Department of Gastroenterology, Digestive Endoscopy Center, Ruijin Hospital, Shanghai Jiao Tong University School of Medicine, 197 Ruijin Er Road, Shanghai 200025, China.
Digestive Endoscopy Center, The Sixth Affiliated Hospital of Sun Yat-sen University, Guangzhou 510655, China.
Hepatobiliary Pancreat Dis Int. 2018 Jun;17(3):257-262. doi: 10.1016/j.hbpd.2018.03.015. Epub 2018 Mar 29.
Endoscopic papillary balloon dilation (EPBD) for common bile duct (CBD) stones removal in Billroth II gastrectomy patients is feasible. However, the long-term outcomes of this technique are not clear. The aim of this study was to evaluate the procedural and long-term outcomes of EPBD for removal of CBD stones in Billroth II gastrectomy patients.
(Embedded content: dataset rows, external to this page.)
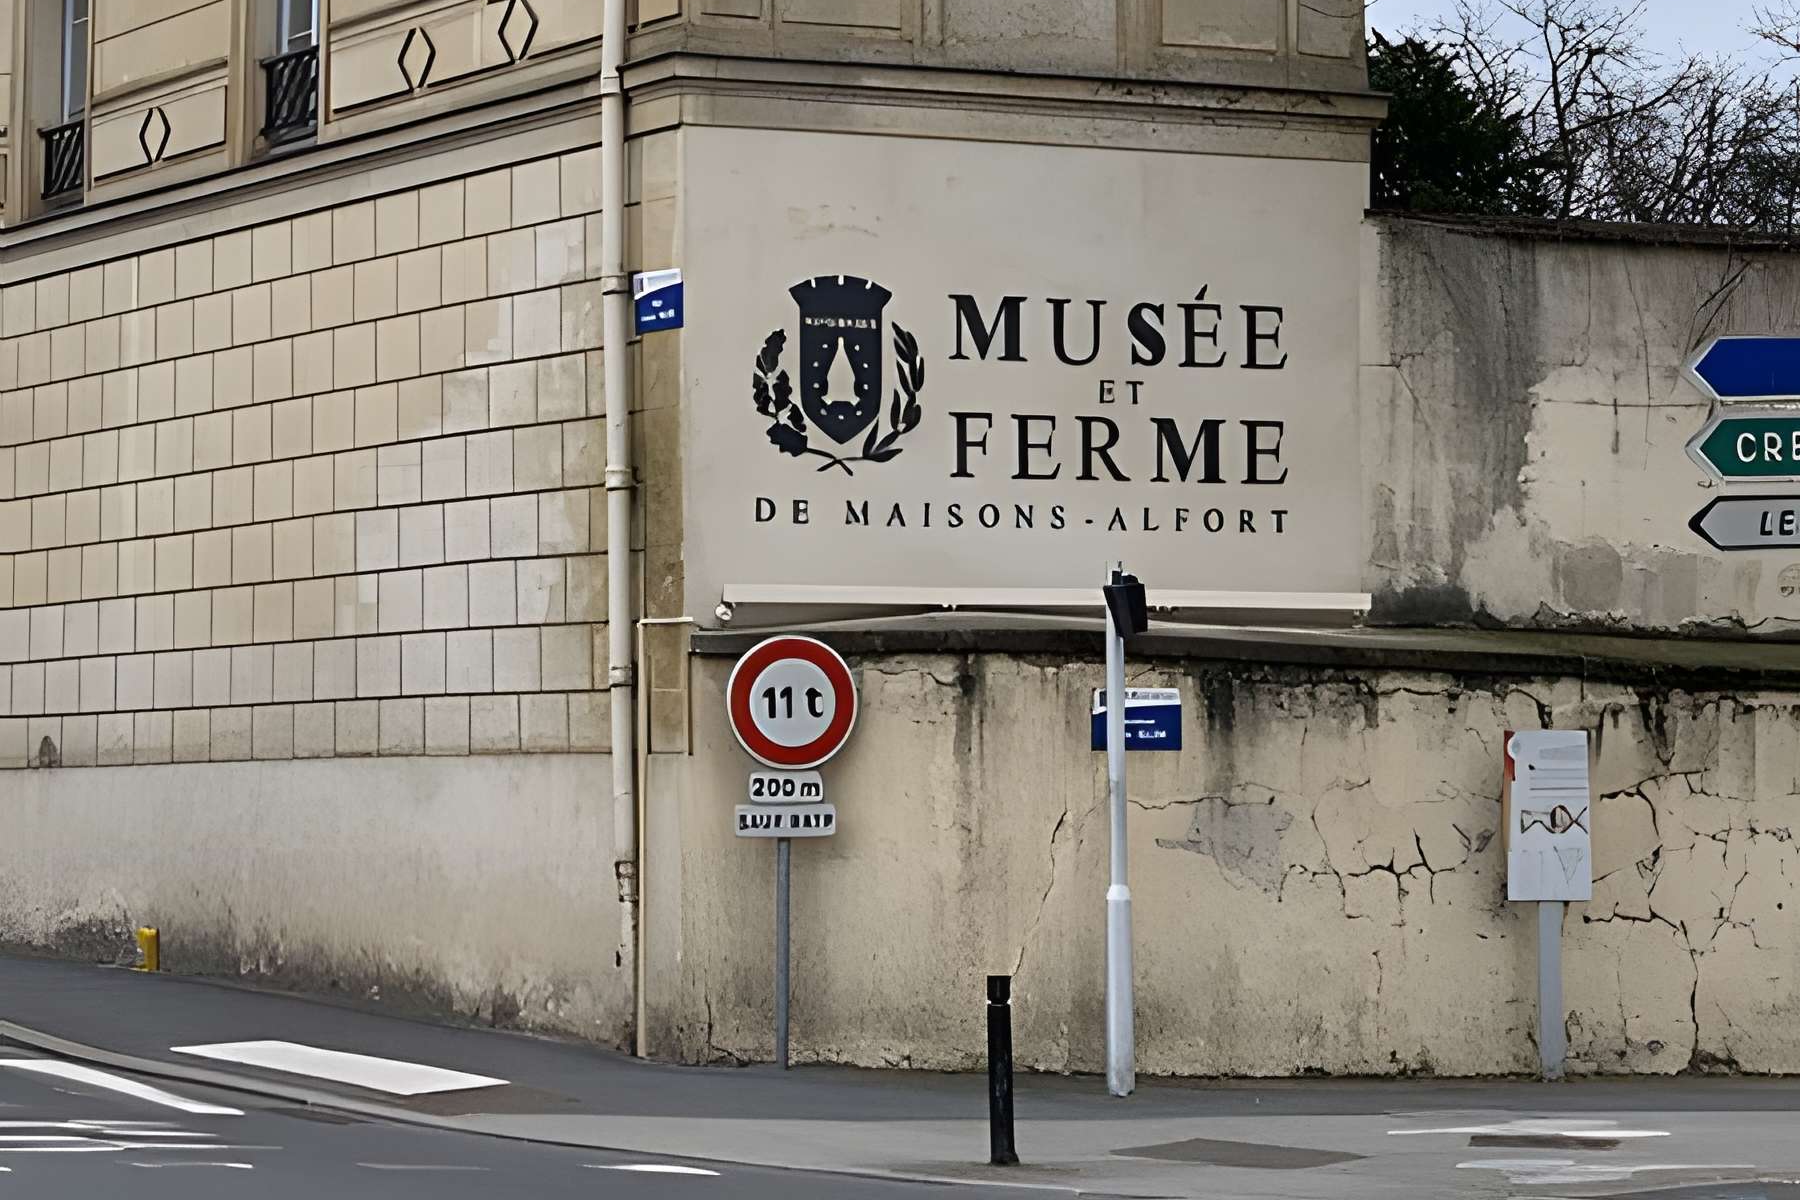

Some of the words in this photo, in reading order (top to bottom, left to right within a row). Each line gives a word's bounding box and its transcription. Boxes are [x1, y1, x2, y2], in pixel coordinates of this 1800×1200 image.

[947, 283, 1289, 370] MUSÉE
[1099, 379, 1145, 405] ET
[948, 411, 1290, 485] FERME
[755, 496, 810, 525] DE
[844, 499, 1290, 534] MAISONS-ALFORT
[761, 686, 793, 719] 11
[805, 687, 824, 719] t
[752, 777, 796, 797] 200
[800, 782, 820, 797] m
The records of patients with previous Billroth II gastrectomy referred for CBD stones removal with endoscopic retrograde cholangiopancreatography (ERCP) between July 1, 2008 and September 1, 2016 were retrospectively reviewed. The main outcomes of stone clearance, ERCP-related adverse events, and stone recurrence were analyzed.
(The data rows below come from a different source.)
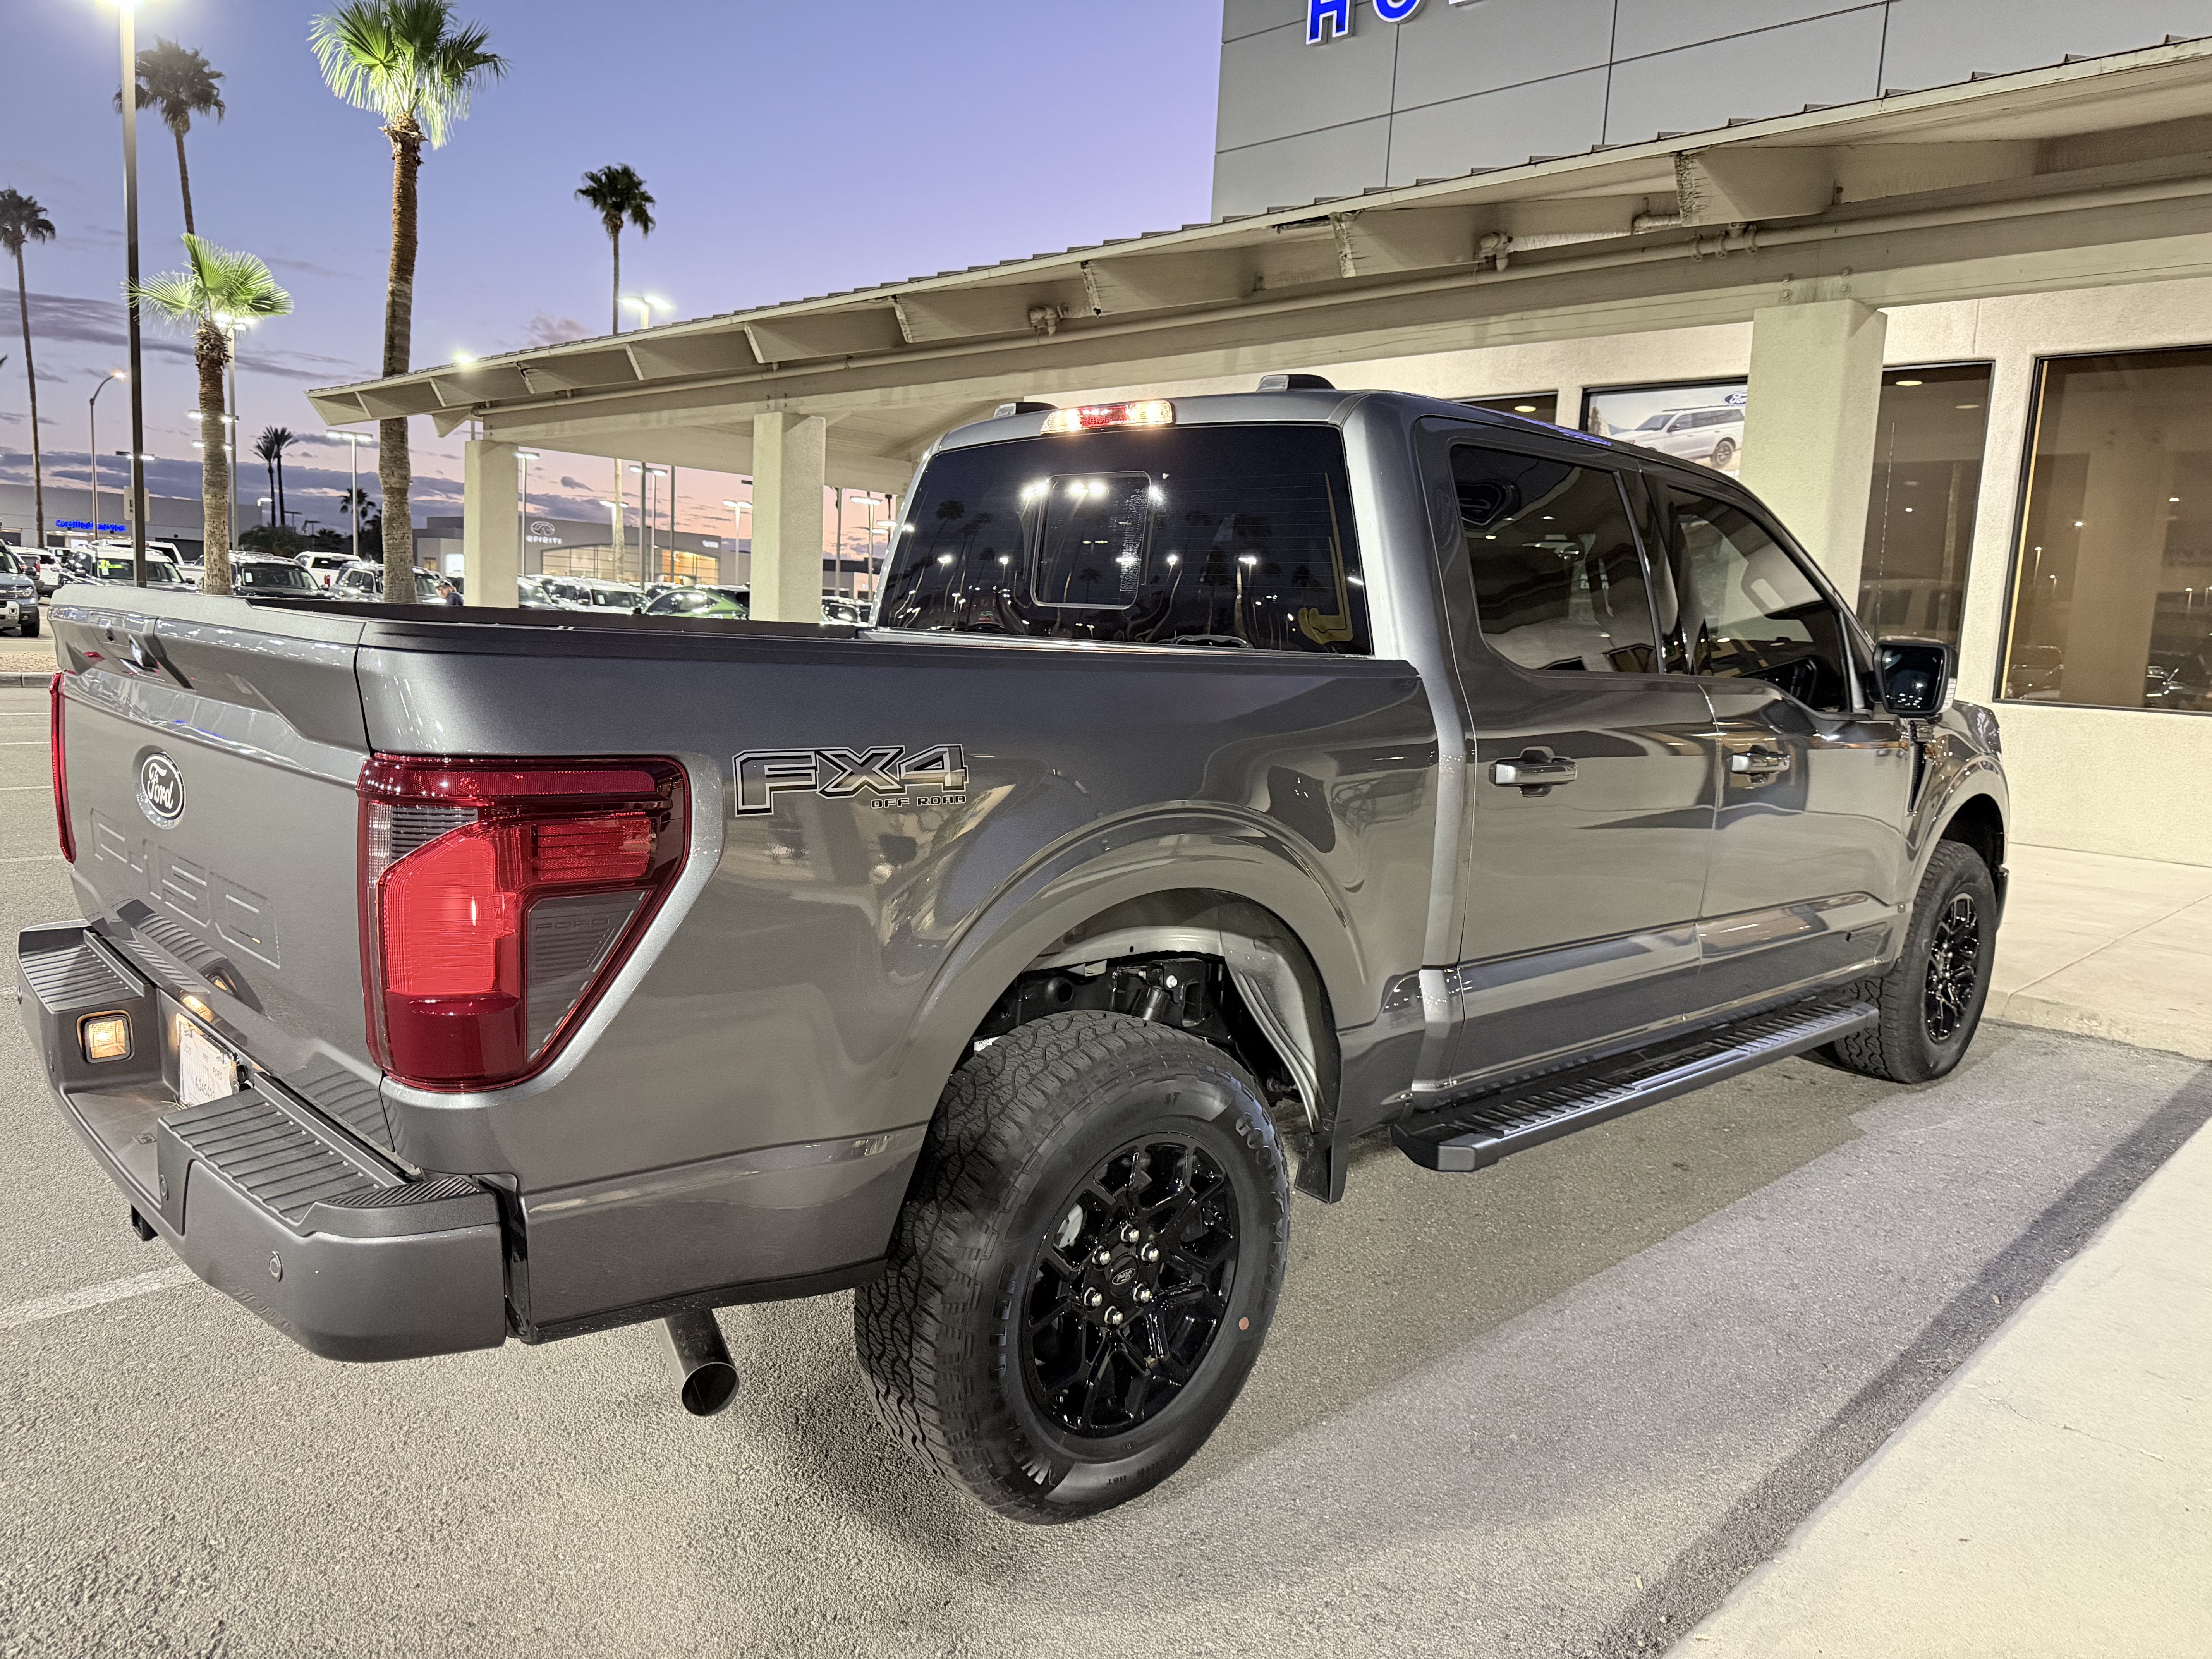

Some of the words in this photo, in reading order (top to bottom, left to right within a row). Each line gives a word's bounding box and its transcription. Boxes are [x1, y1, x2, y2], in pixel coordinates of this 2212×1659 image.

[525, 535, 562, 545] NFINITI
[147, 763, 174, 809] Ford
[732, 744, 969, 816] FX4
[871, 797, 910, 809] OFF
[917, 795, 967, 806] ROAD
A total of 83 patients with previous Billroth II gastrectomy underwent ERCP in our center were reviewed. Forty-nine consecutive patients with previous Billroth II gastrectomy referred to EPBD for removal of CBD stones underwent 59 ERCP procedures were enrolled in the end. The overall successful CBD stones clearance was achieved in 42 patients (85.7%). ERCP-related adverse events was in 3 ERCP procedures (5.1%). Severe complications, including perforation and bleeding, were not observed. Six of 49 patients (12.2%) had stone recurrence after a median period of 22.5 months (range 6-71 months) from the end of stone removal treatment. Female [odds ratio (OR) = 11.352; 95% confidence interval (95% CI): 1.040-123.912; P = 0.046] and previous mechanical lithotripsy (OR = 13.423; 95% CI: 1.070-168.434; P = 0.044) were significantly associated with stone recurrence.
At long-term follow-up, EPBD for removal of CBD stones appeared to be safe and effective in Billroth II gastrectomy patients. Female and previous mechanical lithotripsy may be risk factors for stone recurrence.
内镜下乳头球囊扩张术(EPBD)用于治疗毕罗氏Ⅱ式胃切除术后患者的胆总管(CBD)结石是可行的。然而,该技术的长期效果尚不清楚。本研究旨在评估 EPBD 治疗毕罗氏Ⅱ式胃切除术后 CBD 结石的手术过程和长期效果。
回顾性分析 2008 年 7 月 1 日至 2016 年 9 月 1 日期间因 CBD 结石接受内镜逆行胰胆管造影(ERCP)治疗的既往毕罗氏Ⅱ式胃切除术患者的病历。分析结石清除率、ERCP 相关不良事件和结石复发的主要结果。
共回顾了 83 例既往毕罗氏Ⅱ式胃切除术患者的 ERCP 记录。其中 49 例因 CBD 结石接受 EPBD 治疗的毕罗氏Ⅱ式胃切除术患者接受了 59 次 ERCP 治疗,纳入本研究。42 例(85.7%)患者 CBD 结石完全清除。3 例(5.1%)患者发生 ERCP 相关不良事件。未观察到严重并发症,包括穿孔和出血。49 例患者中有 6 例(12.2%)在结石清除治疗结束后中位时间 22.5 个月(6-71 个月)后出现结石复发。女性[比值比(OR)=11.352;95%置信区间(95%CI):1.040-123.912;P=0.046]和既往机械碎石术(OR=13.423;95%CI:1.070-168.434;P=0.044)与结石复发显著相关。
在长期随访中,EPBD 用于治疗毕罗氏Ⅱ式胃切除术后患者的 CBD 结石似乎是安全有效的。女性和既往机械碎石术可能是结石复发的危险因素。